To do: I'd like the entries reproduced exactly, with the images omitted.

--- Records for the exercise Enclosed Below ---

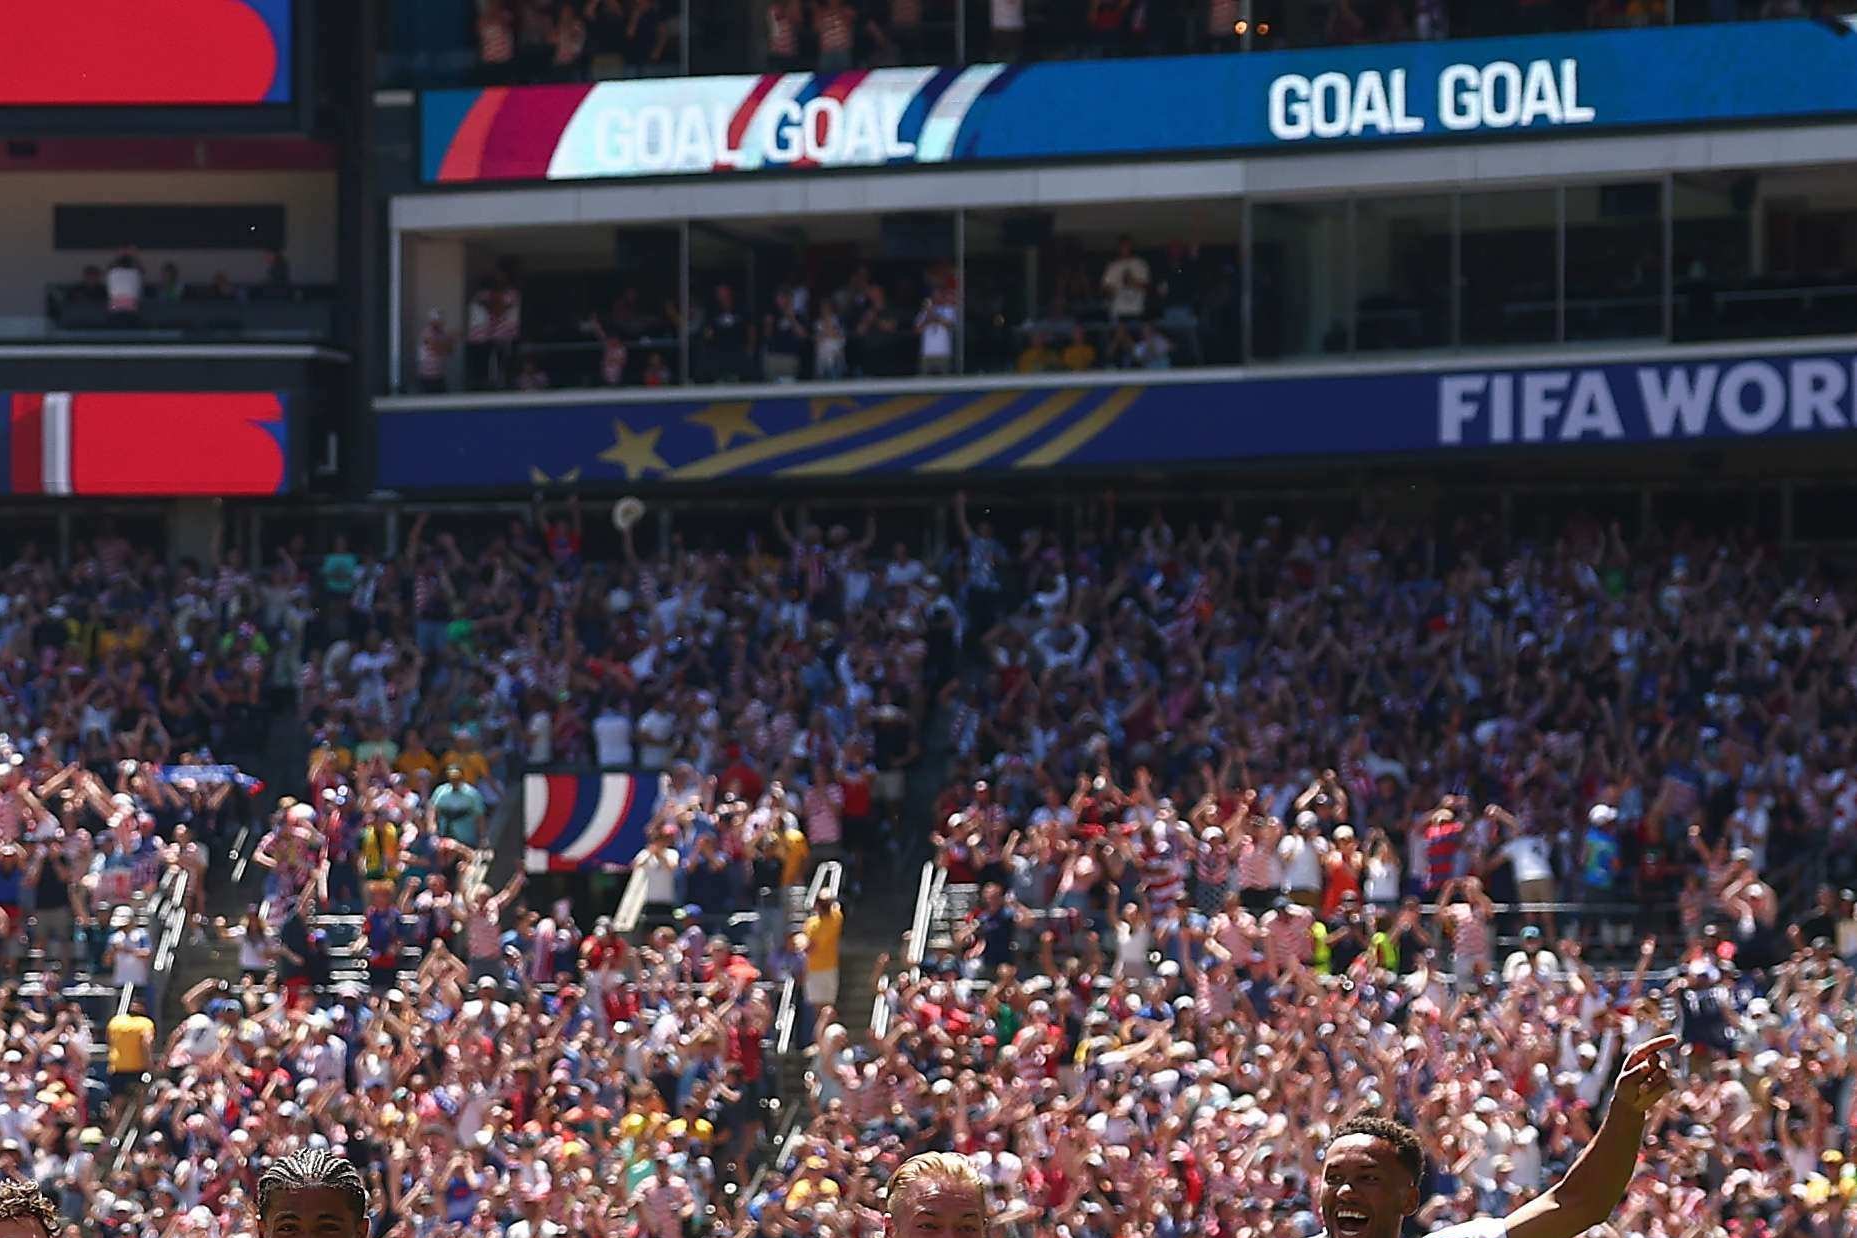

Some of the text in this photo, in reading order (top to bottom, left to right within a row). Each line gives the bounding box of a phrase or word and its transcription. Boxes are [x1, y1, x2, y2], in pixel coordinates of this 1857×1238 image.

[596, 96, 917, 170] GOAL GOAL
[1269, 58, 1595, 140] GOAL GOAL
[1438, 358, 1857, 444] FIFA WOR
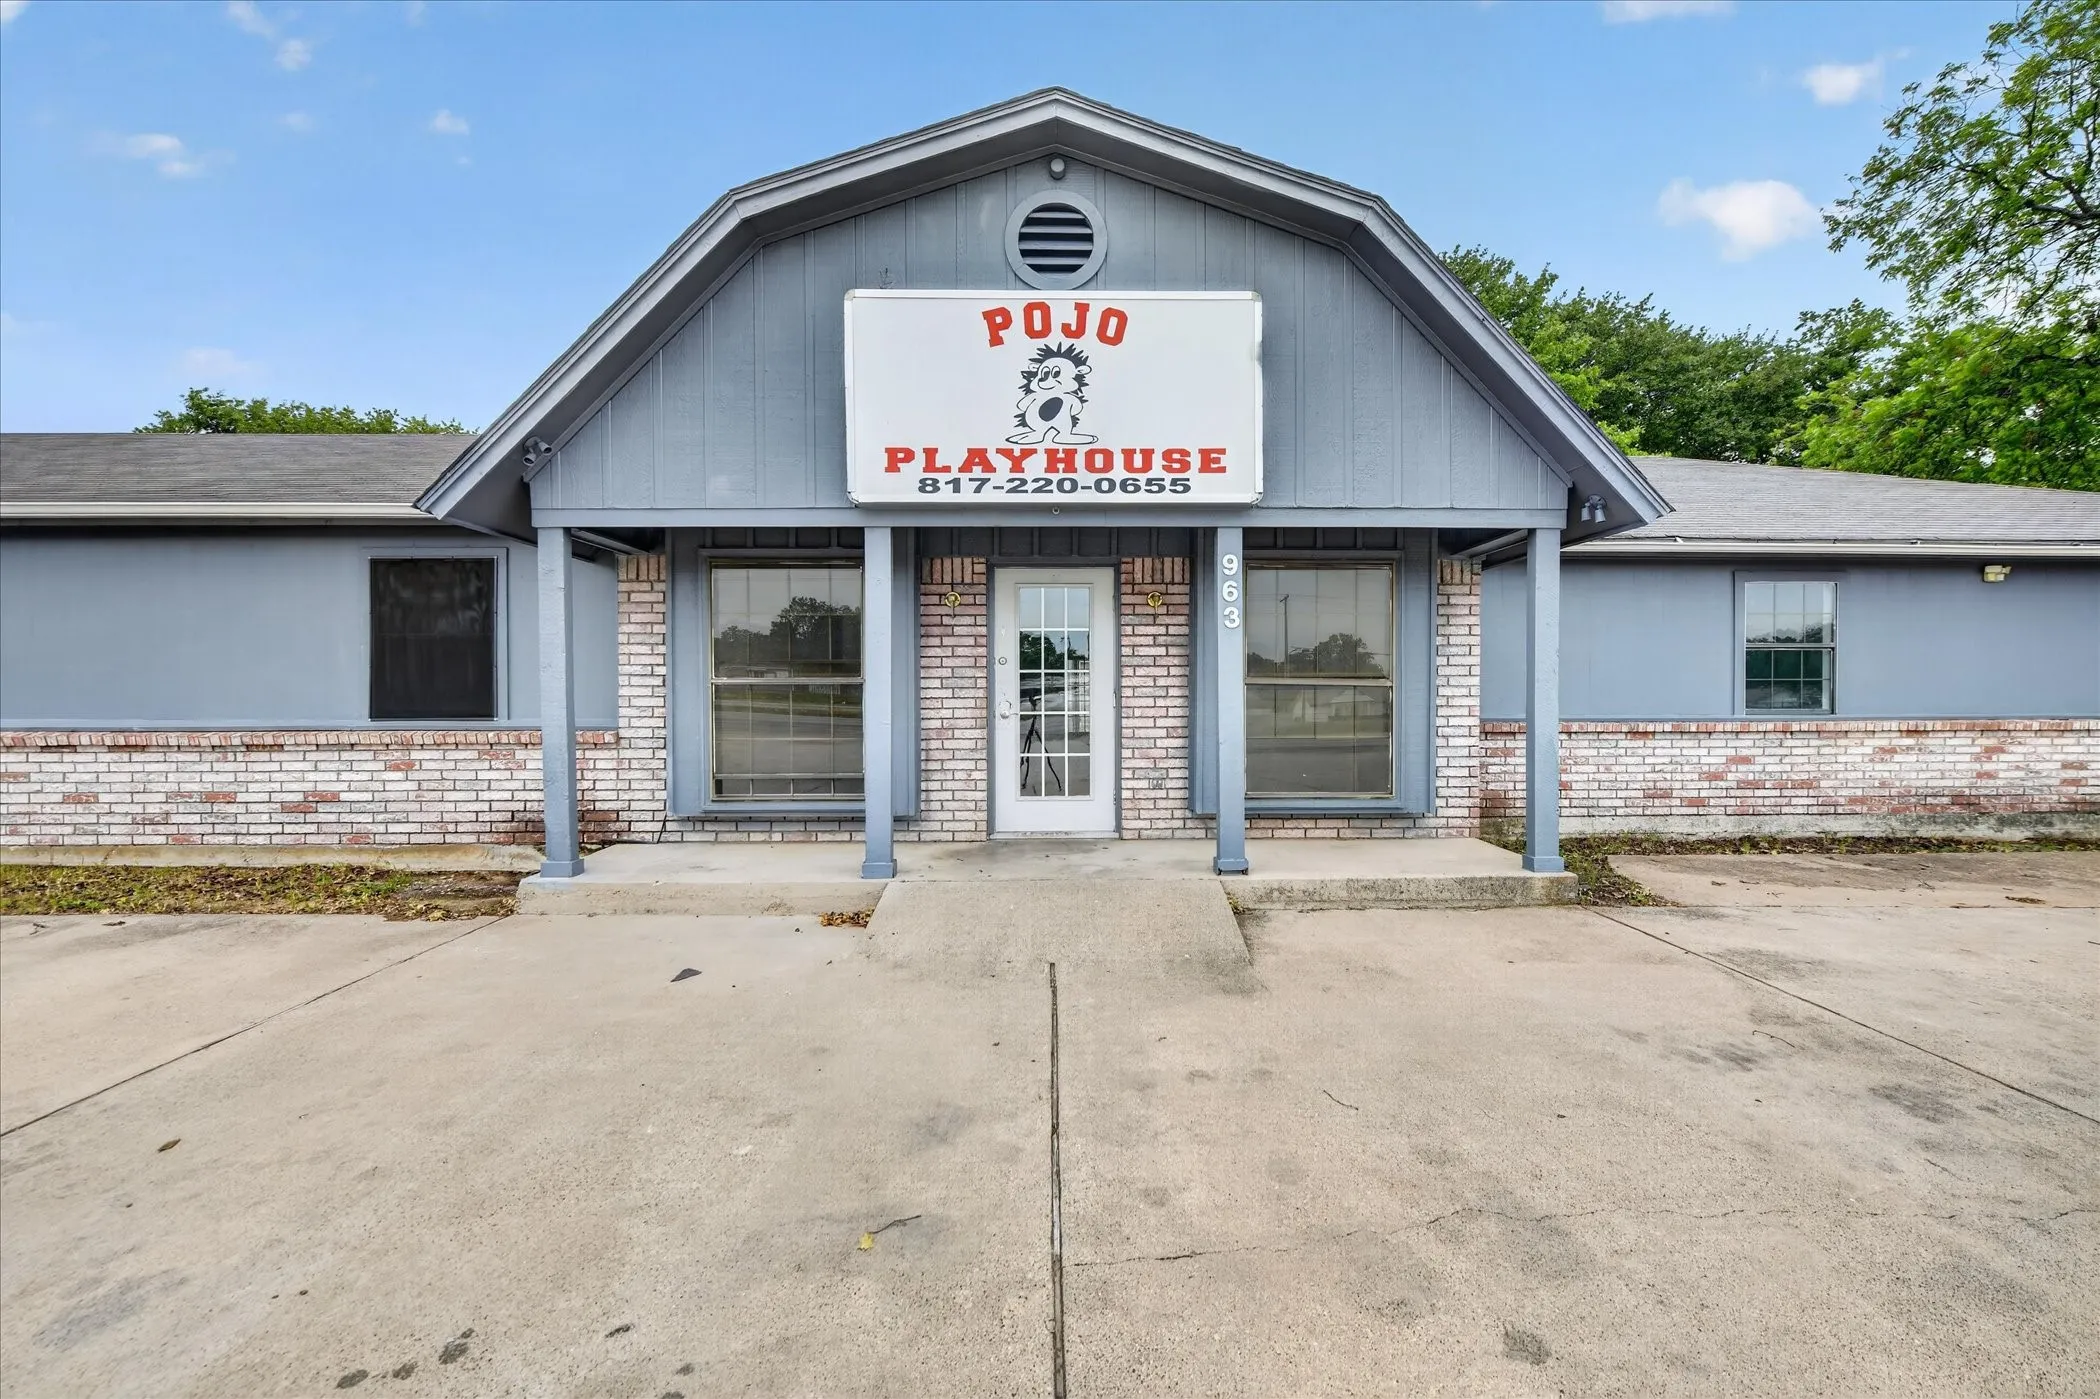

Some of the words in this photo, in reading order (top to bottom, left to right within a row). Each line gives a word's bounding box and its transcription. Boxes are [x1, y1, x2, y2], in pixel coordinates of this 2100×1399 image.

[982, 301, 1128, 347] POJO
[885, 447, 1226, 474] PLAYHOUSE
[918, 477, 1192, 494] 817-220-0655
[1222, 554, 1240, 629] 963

--- End of Enclosed Records for the exercise ---

Task output:
Some of the text in this photo, in reading order (top to bottom, left to right within a row). Each line gives the bounding box of a phrase or word and its transcription. Boxes are [x1, y1, x2, y2], in pixel coordinates of this 1857×1238 image.

[596, 96, 917, 170] GOAL GOAL
[1269, 58, 1595, 140] GOAL GOAL
[1438, 358, 1857, 444] FIFA WOR

Some of the words in this photo, in reading order (top to bottom, left to right within a row). Each line gives a word's bounding box and its transcription. Boxes are [x1, y1, x2, y2], in pixel coordinates of this 2100×1399 image.

[982, 301, 1128, 347] POJO
[885, 447, 1226, 474] PLAYHOUSE
[918, 477, 1192, 494] 817-220-0655
[1222, 554, 1240, 629] 963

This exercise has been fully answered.